The Glorification of BUSY
Posted on September 15 2014
Decades ago, I learned a lesson which has served me well ever since. It was circa 1994 and I'd recently opened my boutique personal training studio.
I was excited. I was terrified. I was eager to train seven days a week, all hours of the day.
I had a loan to repay and rent to pay.
I was young, energetic and willing to do whatever it took to make my business a success.
One afternoon, I had a consultation with the superintendent of our school district. "I'm very busy, " she informed me.
"I don't doubt it," I responded.
"I get up at 5:00a every single morning." She instructed me. "I have really busy days."

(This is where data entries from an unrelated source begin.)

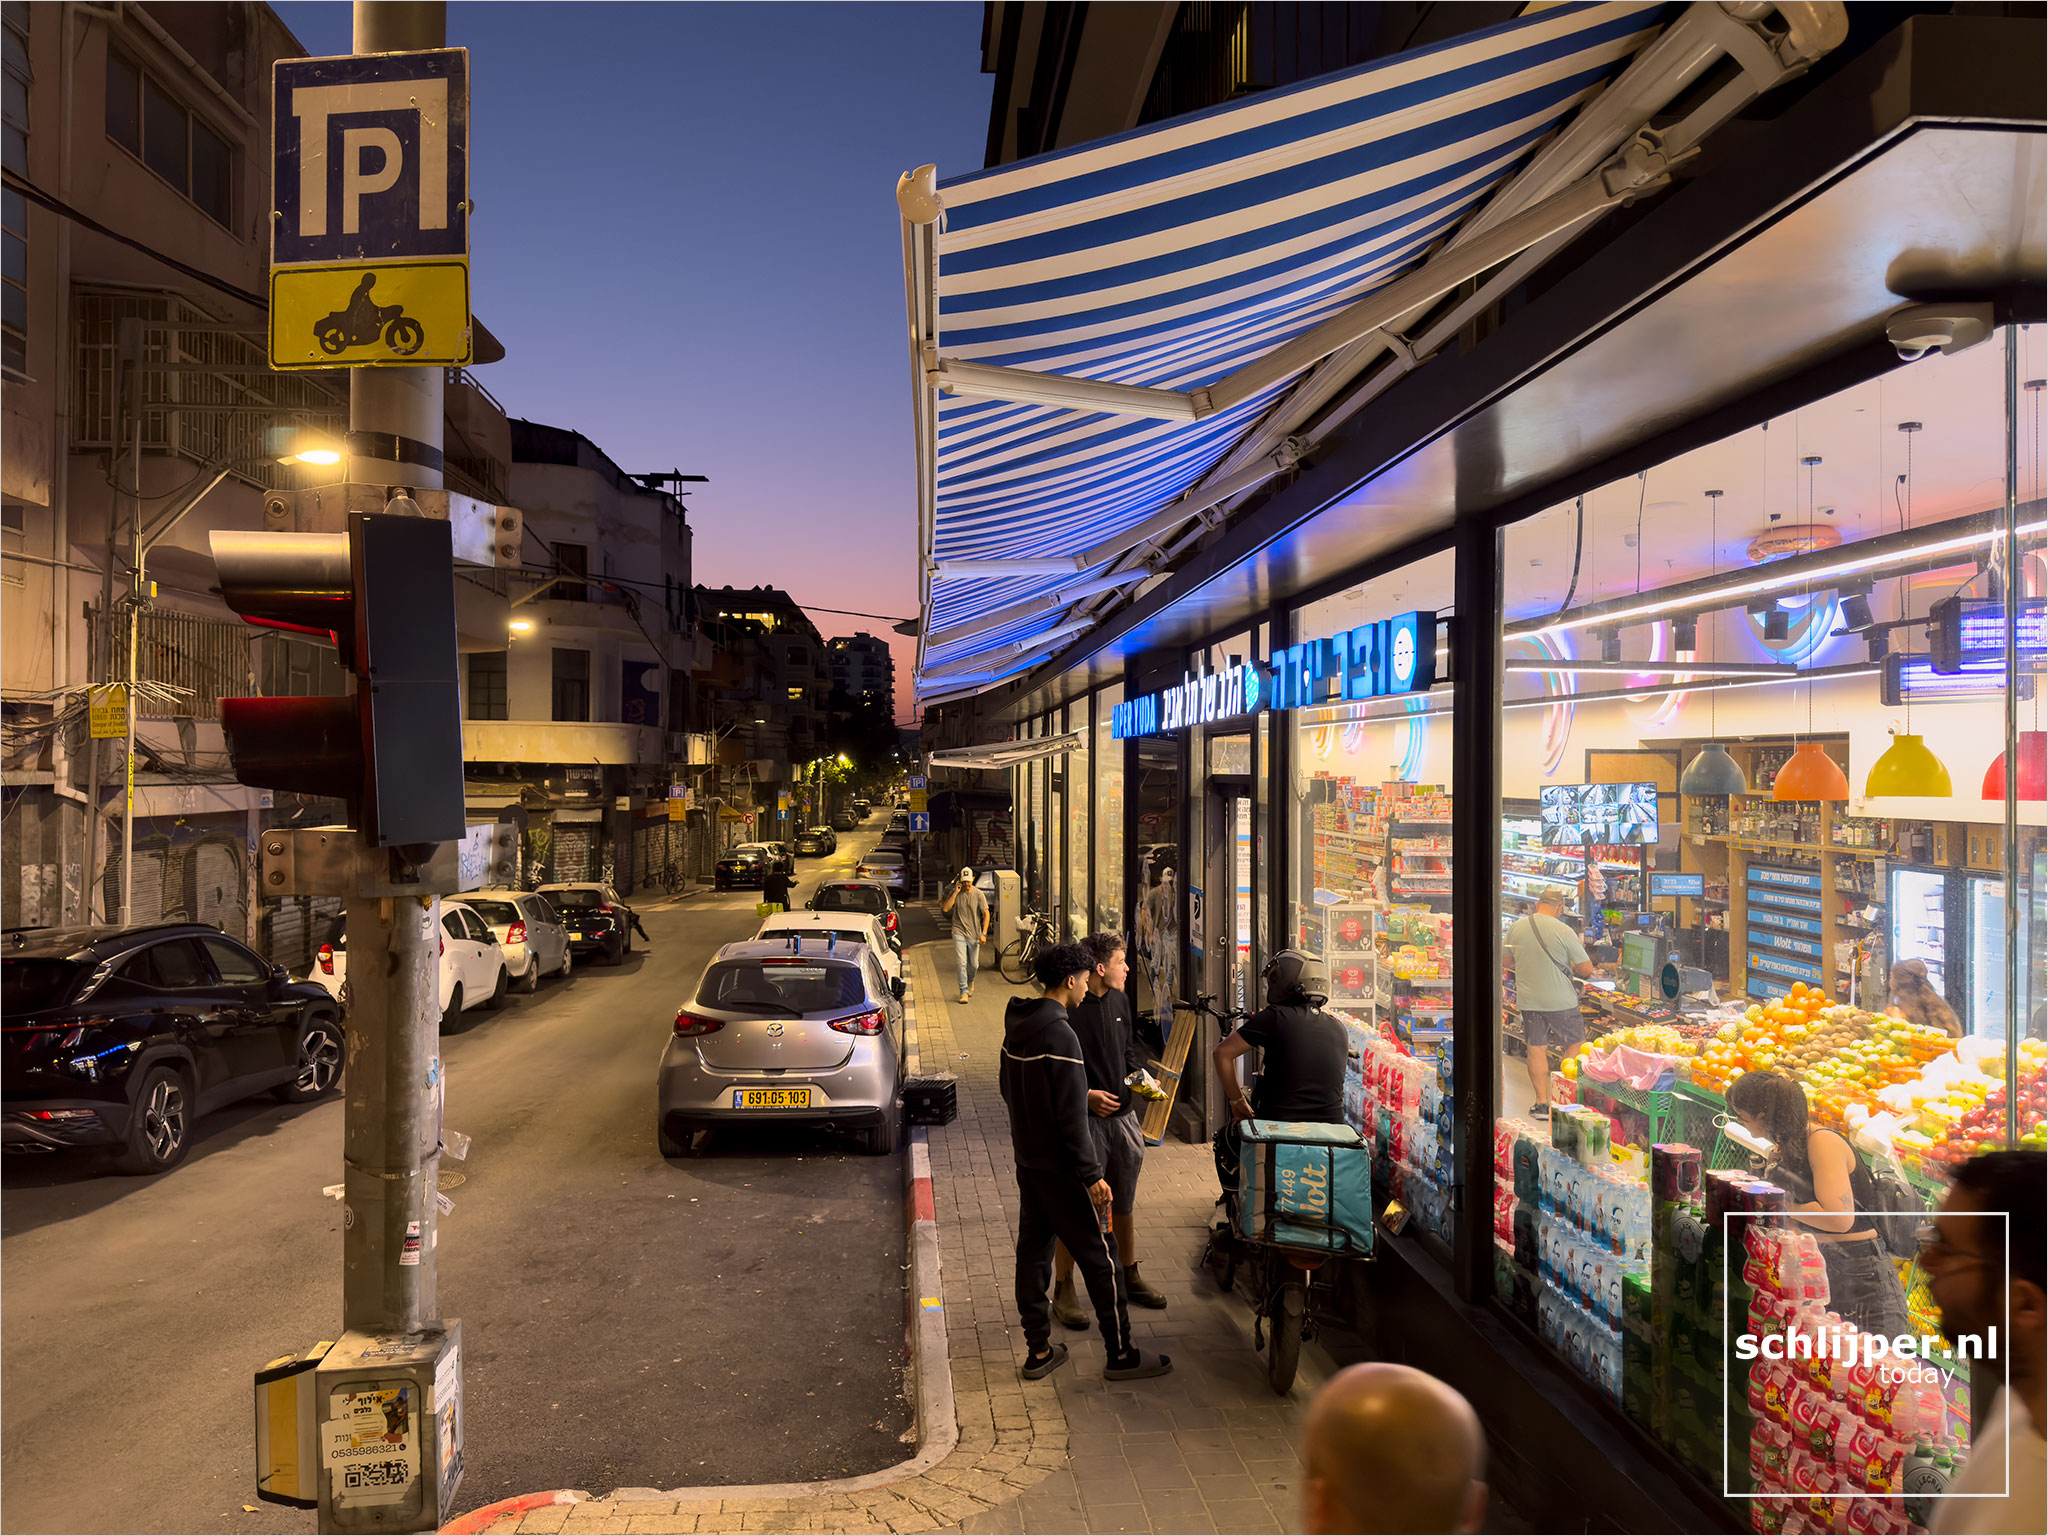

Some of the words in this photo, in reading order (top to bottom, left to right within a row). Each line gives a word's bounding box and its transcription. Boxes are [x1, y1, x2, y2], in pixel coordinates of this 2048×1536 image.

[343, 127, 404, 234] P
[1271, 638, 1323, 710] יודה
[1332, 611, 1419, 701] סופר
[1162, 685, 1183, 730] אביב
[1185, 671, 1199, 726] תל
[1200, 664, 1217, 723] של
[1217, 655, 1242, 720] הלב
[1111, 701, 1133, 739] SUPER
[1134, 693, 1157, 736] YUDA
[1774, 935, 1792, 950] Wolt
[1281, 1169, 1296, 1214] 77449
[331, 1443, 397, 1459] 0535986321

"I can imagine," I told her. "I can meet you here at 5:00 am if you'd like!"
There was a long silence on her end after which she mumbled. "Um. No. Let's do 730am."

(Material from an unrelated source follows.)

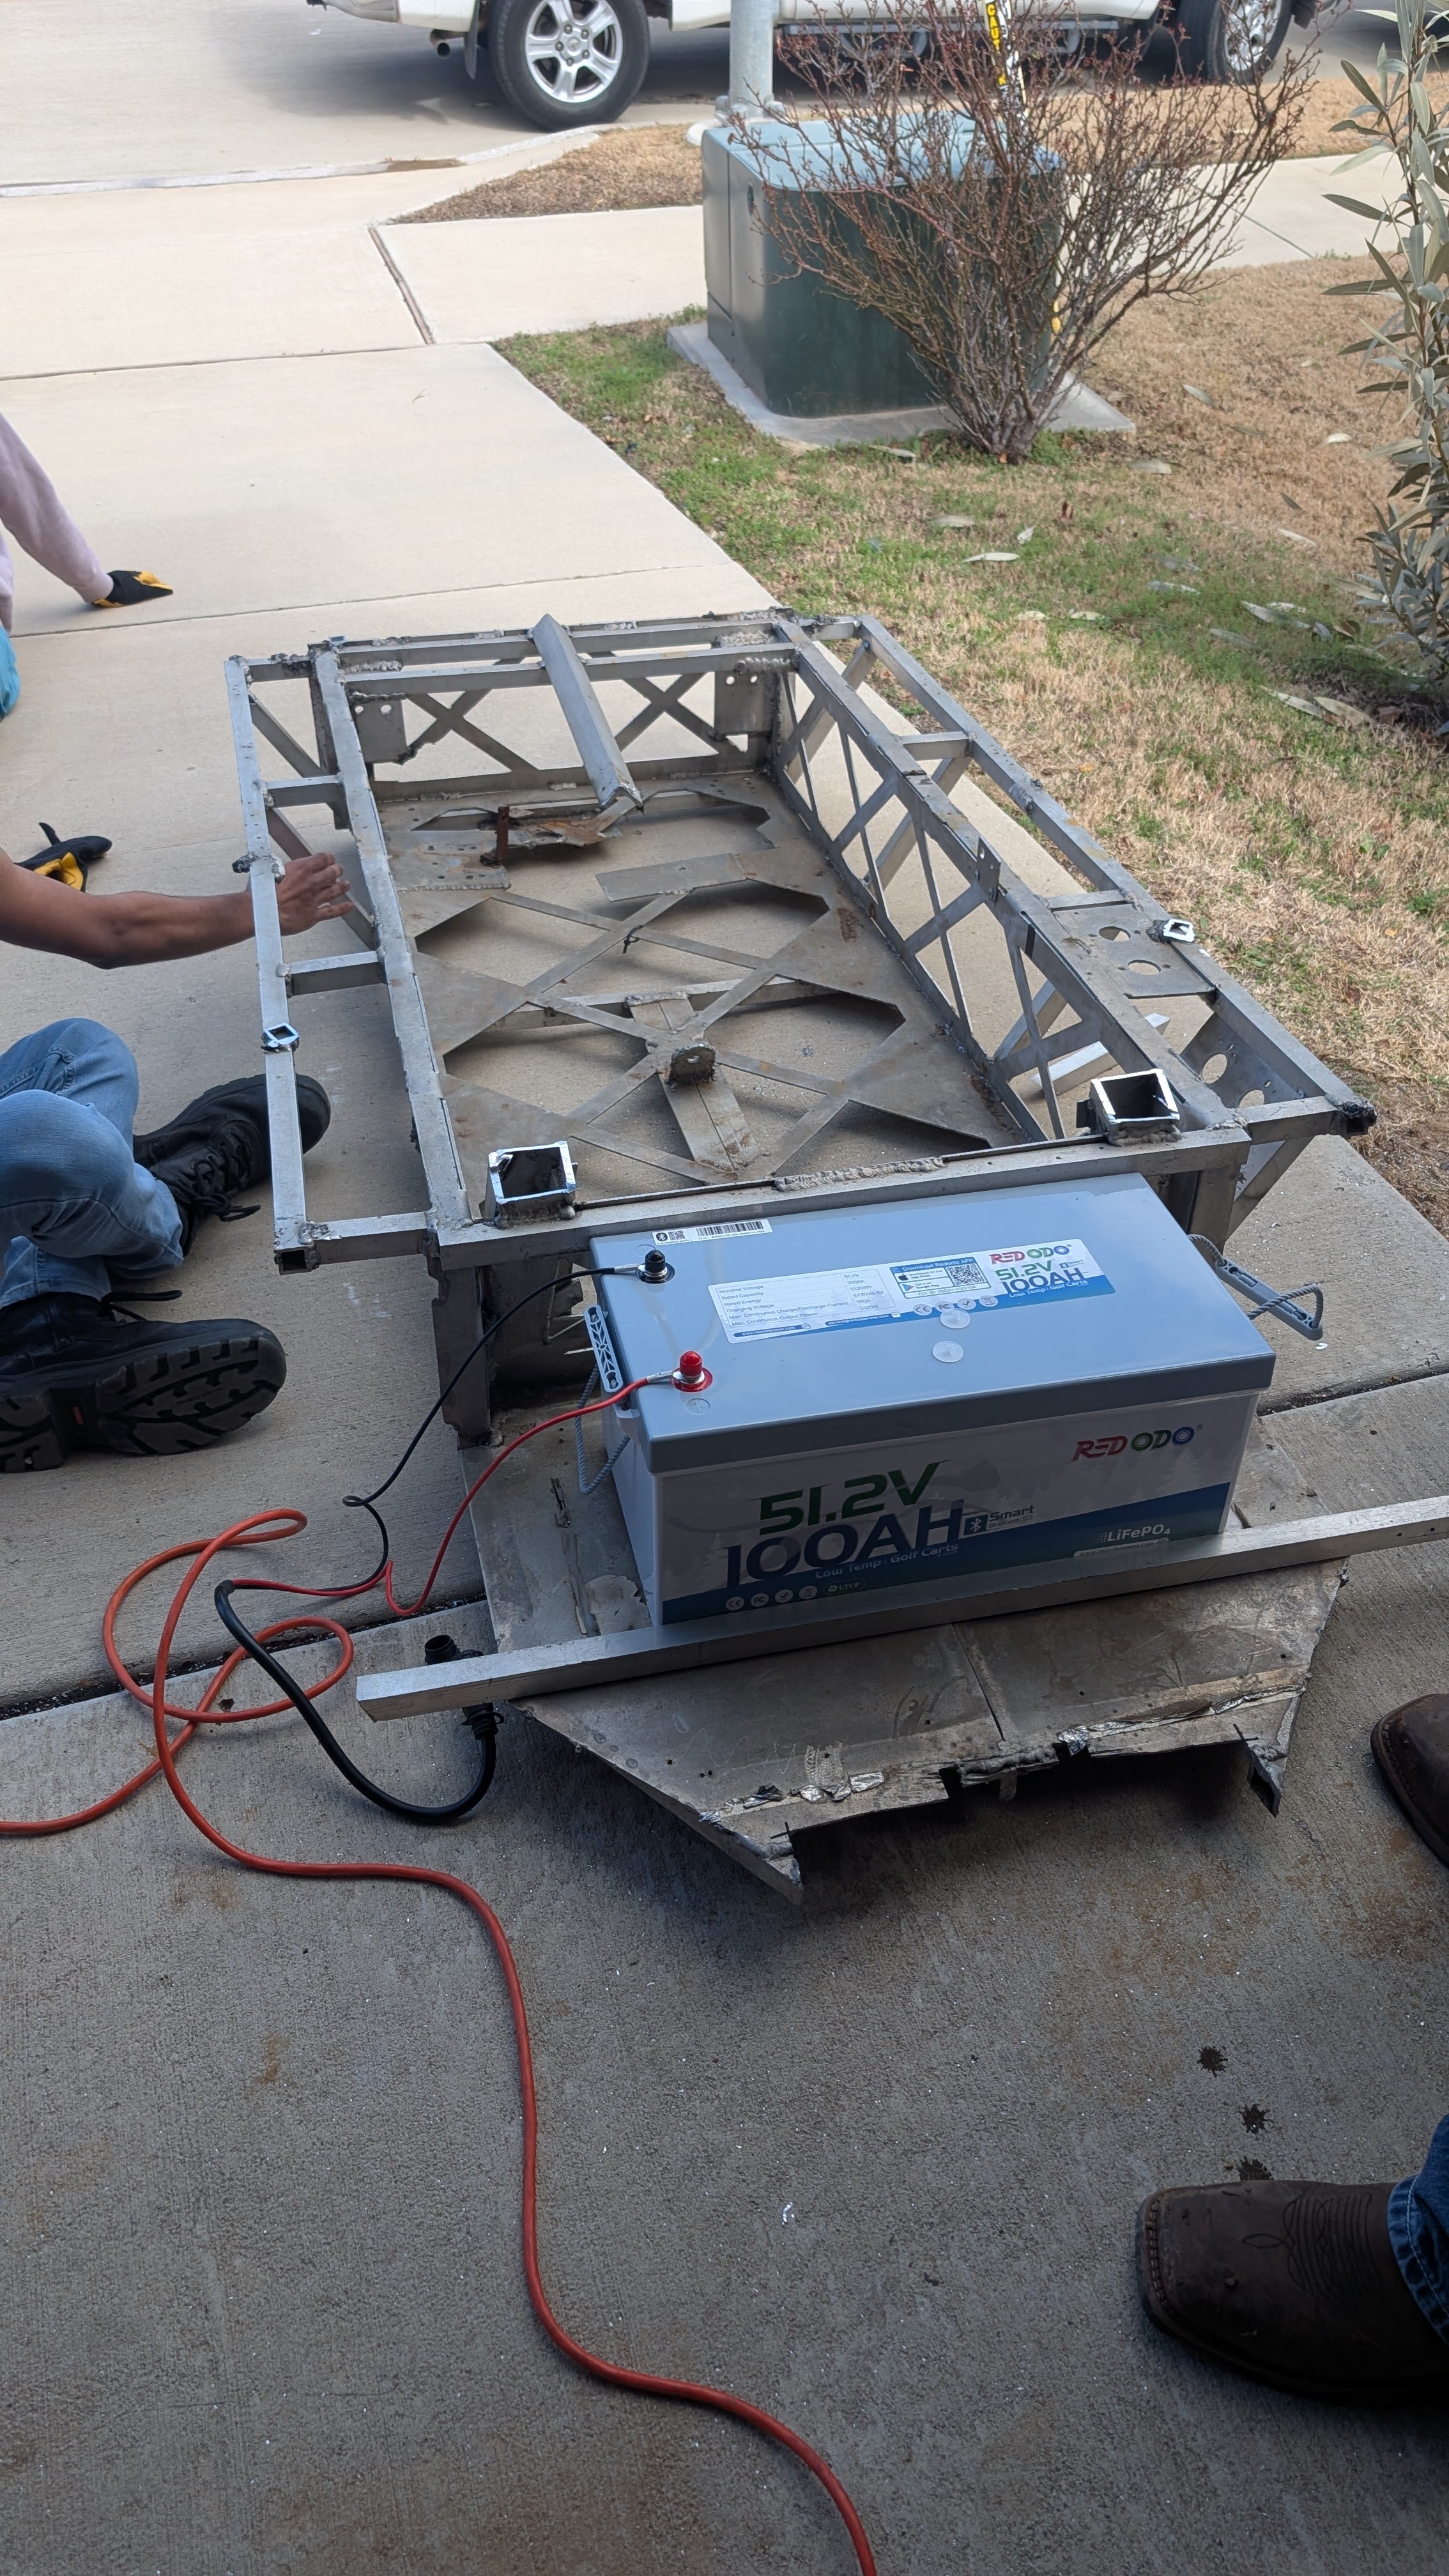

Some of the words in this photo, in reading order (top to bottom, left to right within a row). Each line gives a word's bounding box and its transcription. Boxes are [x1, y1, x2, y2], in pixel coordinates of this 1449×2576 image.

Each session, without fail, she'd dash in late having just woken up. That interaction stuck with me as it was my first experience with the glorification of BUSY.
What a badge of honor it was to claim little sleep and lack of time.

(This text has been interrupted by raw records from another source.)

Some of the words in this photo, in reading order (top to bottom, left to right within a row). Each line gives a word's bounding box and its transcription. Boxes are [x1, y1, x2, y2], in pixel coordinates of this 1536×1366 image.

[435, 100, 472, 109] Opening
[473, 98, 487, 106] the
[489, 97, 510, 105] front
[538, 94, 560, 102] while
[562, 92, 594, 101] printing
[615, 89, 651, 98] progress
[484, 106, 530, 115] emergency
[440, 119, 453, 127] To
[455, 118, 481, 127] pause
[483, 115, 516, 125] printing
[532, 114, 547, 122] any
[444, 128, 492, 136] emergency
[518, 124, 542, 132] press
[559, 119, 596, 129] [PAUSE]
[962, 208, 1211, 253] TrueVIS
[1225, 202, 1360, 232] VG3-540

Close to twenty years later, I've resisted the glorification of the busy. I rise at 4am each day, but less than a badge of honor, it's a way for me to have it all (or, more aptly put, want the all that I have.).
Sure, when asked, I share I wake sans-alarm. I never intimate this is better than another mother's waking at seven. I don't love waking so early to work----it's just what I do. Right now.
Lately, the BUSY has crept into my life in a fashion I don't enjoy.
I say "yes" to monkey bars and kickball, yet in the back of my mind runs a constant list of what else needs to be done.
The BUSY which waits for me after I'm finished: The laundry. The grocery. • The writing. The tweeting. • The volunteering. The mother/daughter book clubbing.
The stuff which comes together to weave the BUSY fabric of my life. The busy of all of our lives.
The BUSY which invariably seems to become a source of comparison among us.
Recently at a party, I overheard a woman asked what she did in her free time. "What free time? Who has any?" was her tossed-off response.
I knew what she meant: work & children ate up all of her extra moments, yet the comment made me profoundly sad. The underlying message returned to the glorification of the busy.
Lack of hobbies was a badge of honor for which she anticipated murmurs of admiration.
I've begun to reexamine my own BUSY, to tease it apart and challenge myself. How much of it is my own creation and how much is the necessary BUSY of life?
I'm striving to glorify the DE-busification of life. I'm applauding those whose lives are by choice "slow," as I work to carve my own slower path.
On a recent trip home from NYC with my daugter, I was excited to learn there was wifi on our 6-hour flight home. I was behind in work & the pressure of the BUSY felt as though it could be lessened by a marathon, in-flight work session.
The wifi wasn't working so I spent most of the six hours simply sitting and holding my daughter’s hand. I exited the plane feeling more relaxed than I had in ages.
And re-committed to striving to stop the glorification of the BUSY.
Do you find the constant glorification of BUSY exhausting?
As our lives seem to only get more hectic---do you think the notion of BUSY as a BADGE OF HONOR will ever change?